And when kids have filled up a bucket/container, flipped it over and before they have taken said bucket/container off the creation, they will often say a little rhyme while tapping the top/bottom to ensure that they get a “good cake”.

Älä tule paha kakku, tule hyvä kakku!
Don’t come a bad cake, come a good cake.

I don’t remember anything like this from growing up or since then, in the US. So this was quite new and charming to me when I first moved to Finland. These days, it is  normal and cute.

Even cuter, is when Paxlet was first learning to make sand cakes, he would only say “ei paha” (no/don’t bad) while performing said  and the last syllable would be higher pitched than the rest.
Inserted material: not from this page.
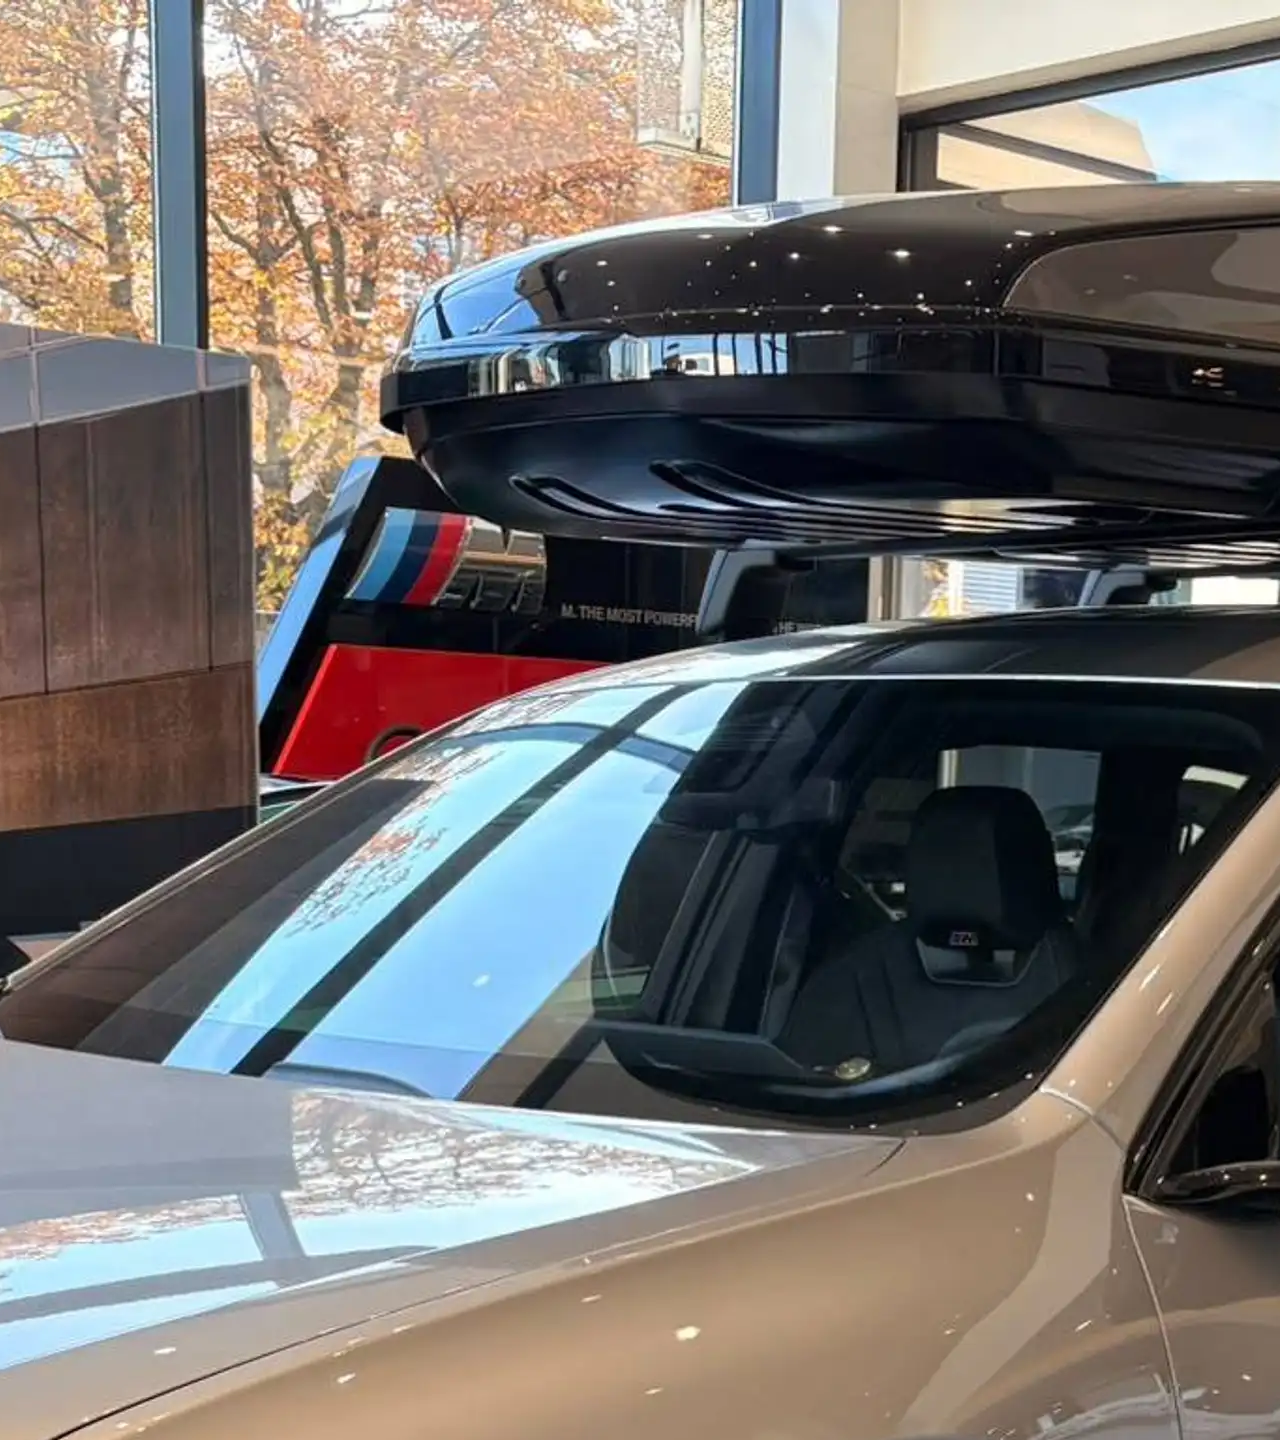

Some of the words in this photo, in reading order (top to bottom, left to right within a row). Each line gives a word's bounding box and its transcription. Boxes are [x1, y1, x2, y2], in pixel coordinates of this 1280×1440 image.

[579, 605, 605, 621] THE
[606, 608, 642, 624] MOST
[644, 610, 700, 628] POWERF
Nowadays, he’s becoming a pro at making sand cakes and has no problems saying the rhyme in its entirety.

*As I googled hiekkakakku to make sure I was spelling it correctly and as one word, I got many hits on an actual cake-type with this name. Most seemed to involve some cognac in the recipe.

#MicroblogMonday – Names

In Finnish, there are two names for “uncle”, depending on which side of the family the uncle is from.
Eno = mother’s brother.
Setä = father’s brother.

Aunts on the other hand only have one word: täti.

Setä and täti are also used as a general name for an unknown male or female person when talking about someone to your kid. Such as some man/lady in the store. Paxlet, watch where you are walking so that you don’t bump into that lady/täti.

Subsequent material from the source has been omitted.